It's amazing that we keep slapping up ugly, bulky apartment bunkers all over town, and building crazy trains to nowhere, when the number of people moving here has slowed to a trickle. But hey, that's Portland -- making developers and construction companies rich, and shaking everybody else down for more money every year.

We've been using a 0.7% growth rate on the City of Portland debt clock on our left sidebar, but we're cutting that now to 0.5%, to reflect the new reality. Thus, each resident's share of the city's long-term debt just went up a bit. Happy New Year!

The morning after

Well, the Tostitos Bowl is over, and the Ducks won. Yay, Ducks. Now the rank-and-file students (and probably the taxpayers) will wind up paying for a lot of the hoopla. Meanwhile, by all accounts, Coach Chip will be heading off the pro's, leaving behind an expensive recruiting scandal but no doubt taking with him a juicy public pension. Forgive us if we're not basking in the glow of the bowl game win.

PDC loses its property tax case

The Oregon Tax Court has ruled that the Portland Development Commission, in charge of the city's misguided "urban renewal" juggernaut, has to pay property taxes to Multnomah County on a low-rent hotel that it's operating downtown. Unless the PDC wants to take the matter up to the state supreme court, that's all she wrote -- it must pay.

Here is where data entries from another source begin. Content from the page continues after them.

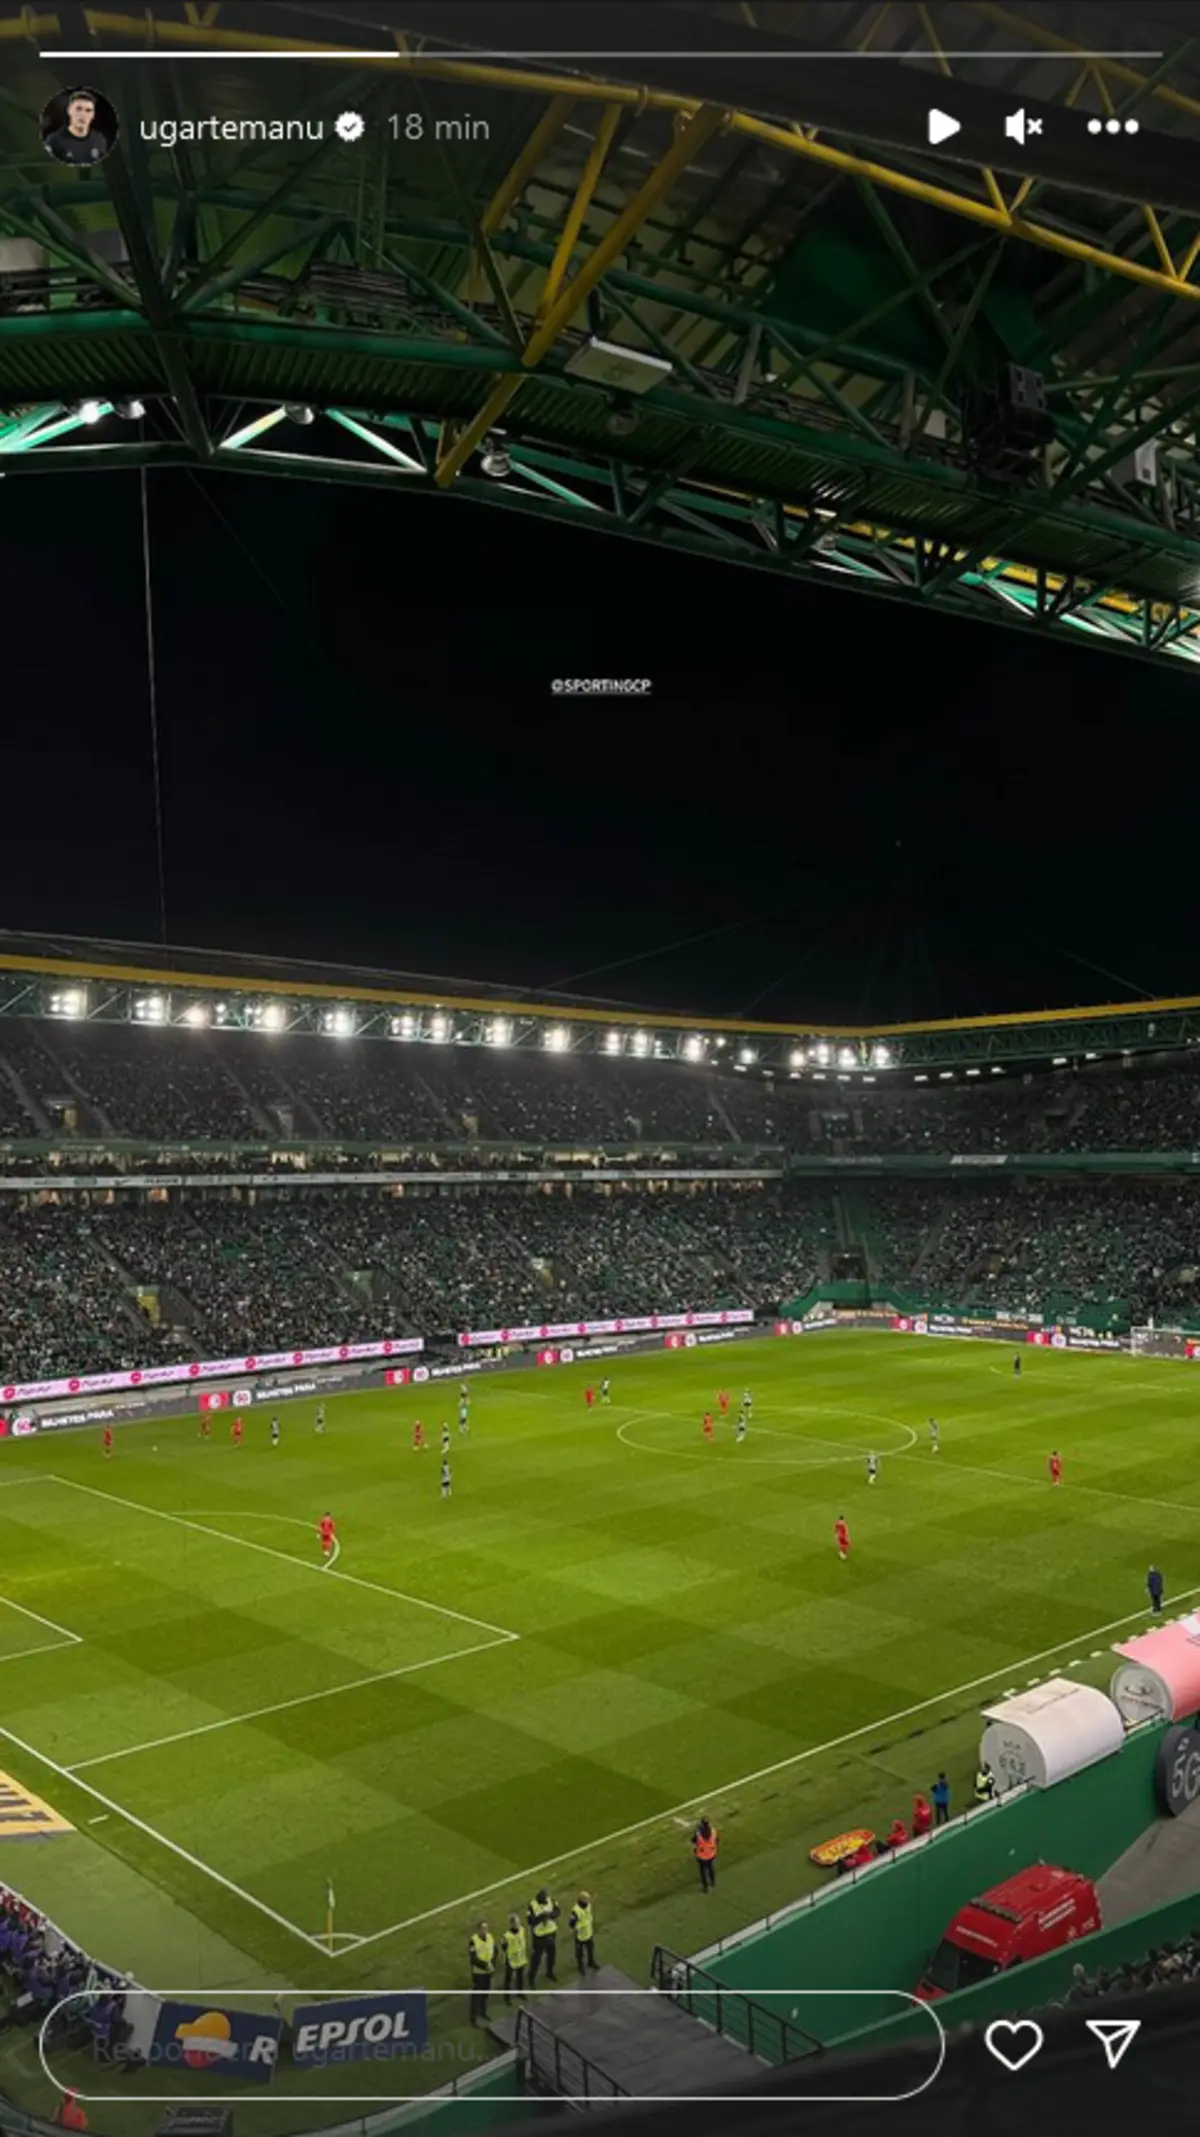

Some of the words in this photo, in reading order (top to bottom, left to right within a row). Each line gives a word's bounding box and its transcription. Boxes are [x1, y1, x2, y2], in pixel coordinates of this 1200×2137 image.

[1171, 1751, 1200, 1802] 5G
[249, 2034, 278, 2065] R
[296, 2010, 410, 2053] EPSOL
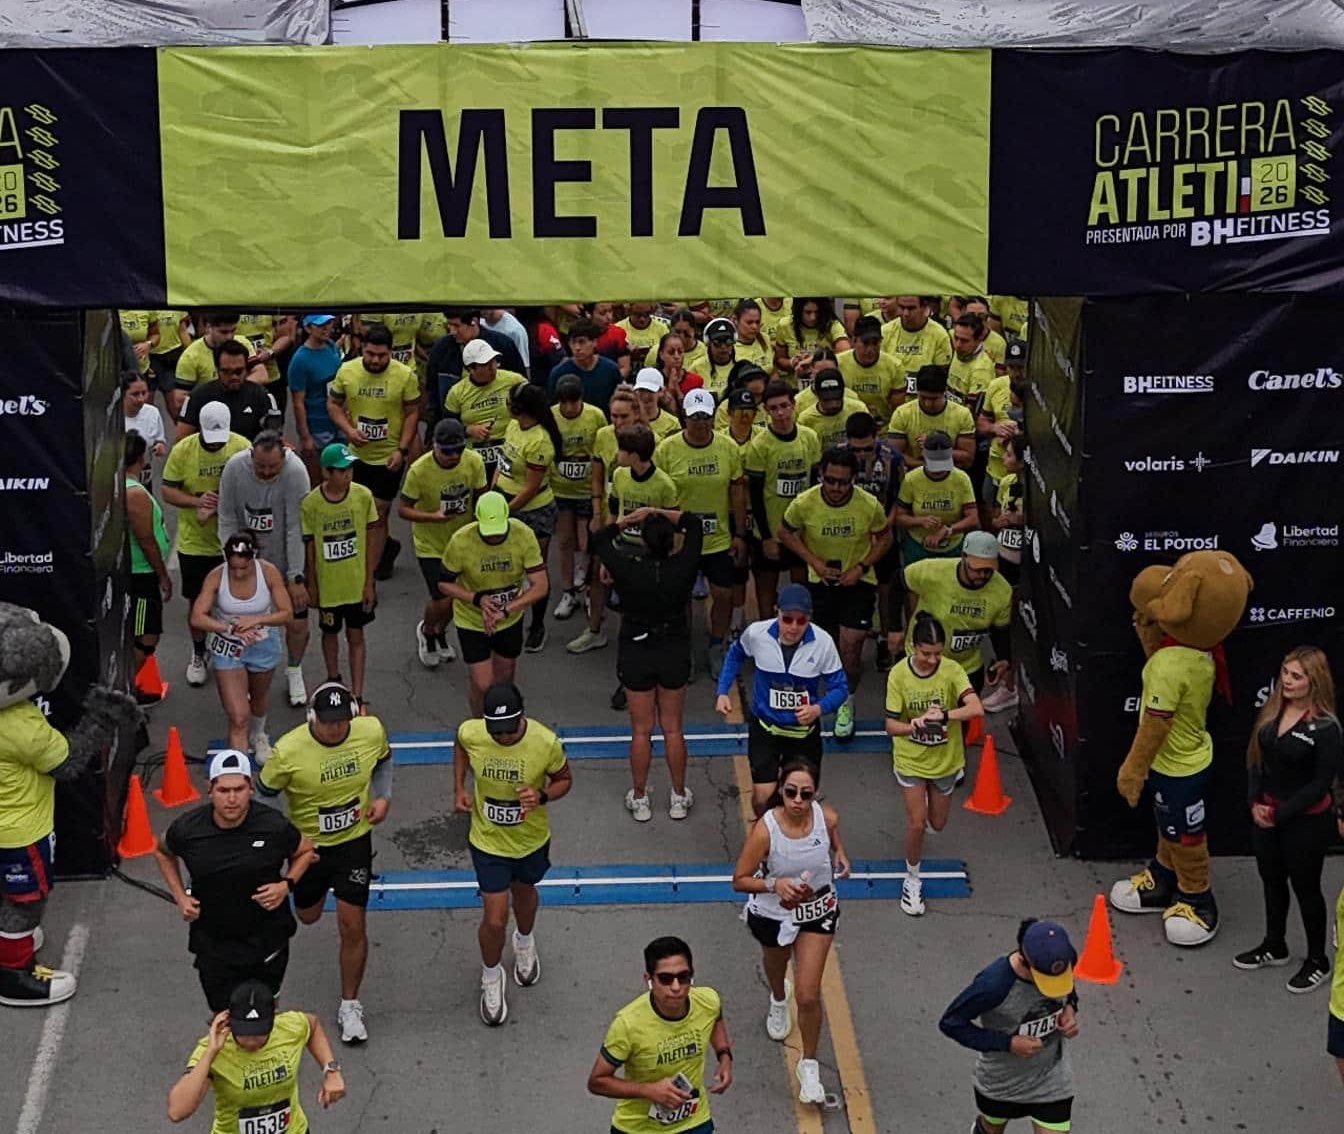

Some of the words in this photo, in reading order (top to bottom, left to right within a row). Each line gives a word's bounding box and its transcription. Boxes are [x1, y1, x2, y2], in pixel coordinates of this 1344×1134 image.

[1095, 99, 1297, 167] CARRERA
[397, 106, 767, 240] META
[1260, 162, 1289, 183] 20
[1087, 160, 1238, 226] ATLETI
[1260, 185, 1288, 205] 26
[1086, 225, 1159, 245] PRESENTADA
[1163, 223, 1186, 239] POR
[1190, 209, 1330, 247] BHFITNESS
[1123, 375, 1214, 393] BHFITNESS
[1248, 368, 1343, 390] Canel's
[1124, 456, 1185, 471] volaris
[1269, 450, 1340, 464] DAIKIN
[563, 464, 586, 477] 1037
[1283, 524, 1339, 537] Libertad
[1144, 538, 1161, 551] EL
[1164, 535, 1218, 550] POTOSÍ
[1267, 606, 1336, 620] CAFFENIO
[488, 806, 522, 822] 0557
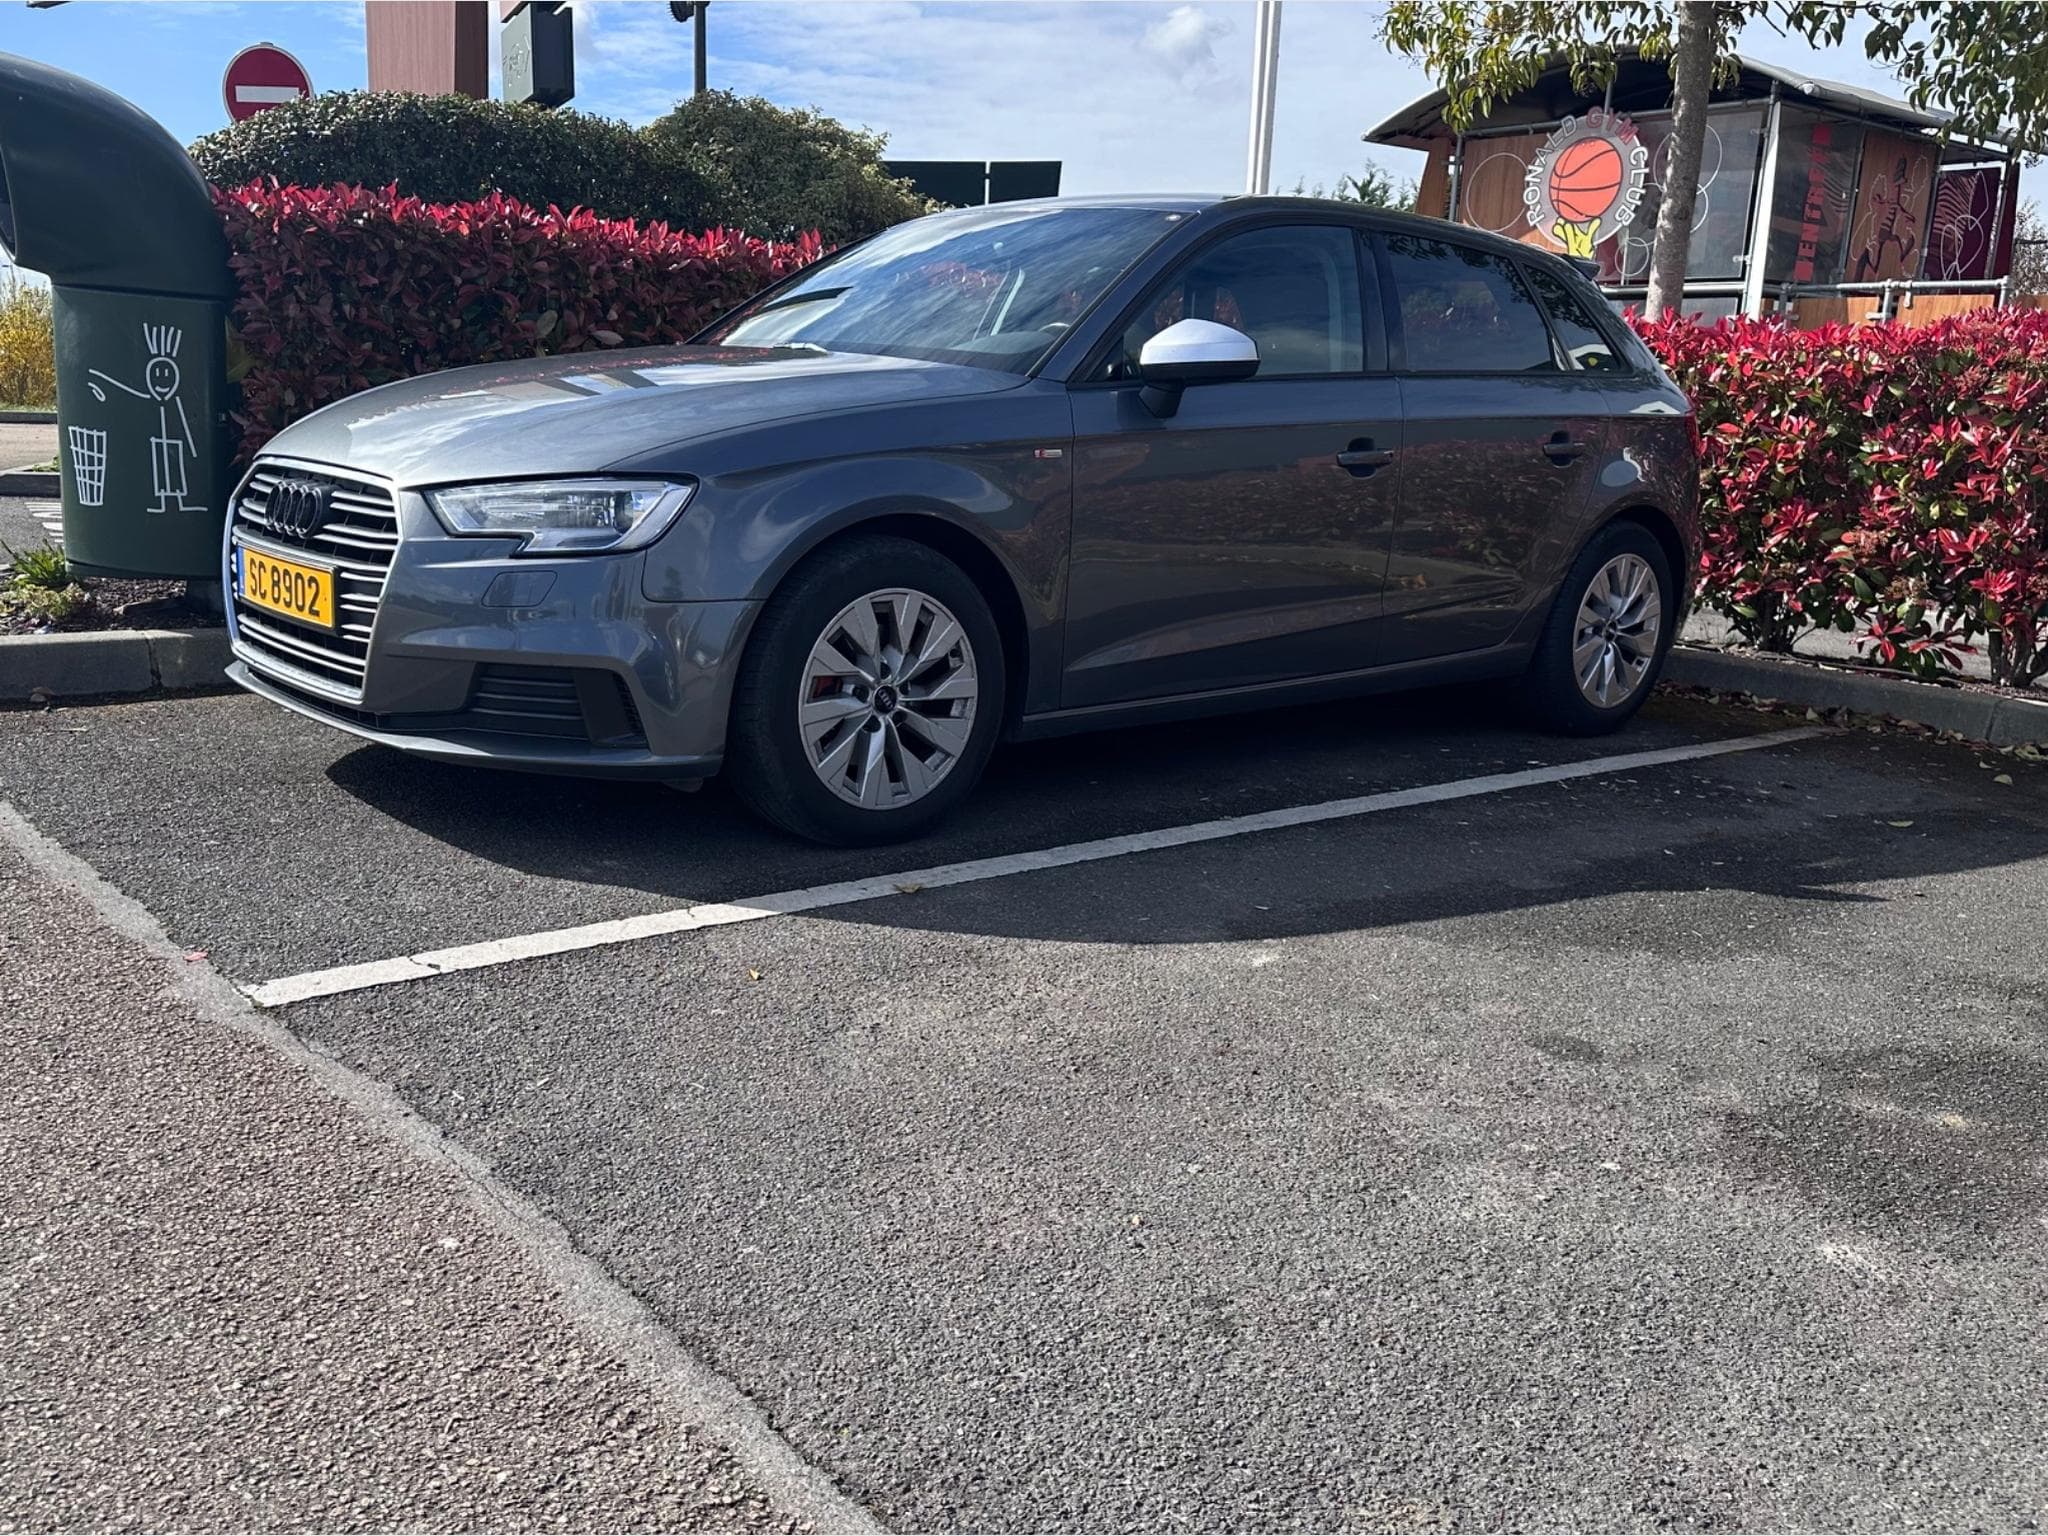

It's poetic justice: The "urban renewal" gang, which robs property taxes from other essential government functions to pad developers' wallets, now has to pay some of the money back.

The Tax Court judge's ruling couldn't be simpler: The PDC isn't a housing authority, and so it isn't fulfilling its public function when it runs a boarding house. If the PDC doesn't like it, the court said, it should go to the state legislature for a special exemption.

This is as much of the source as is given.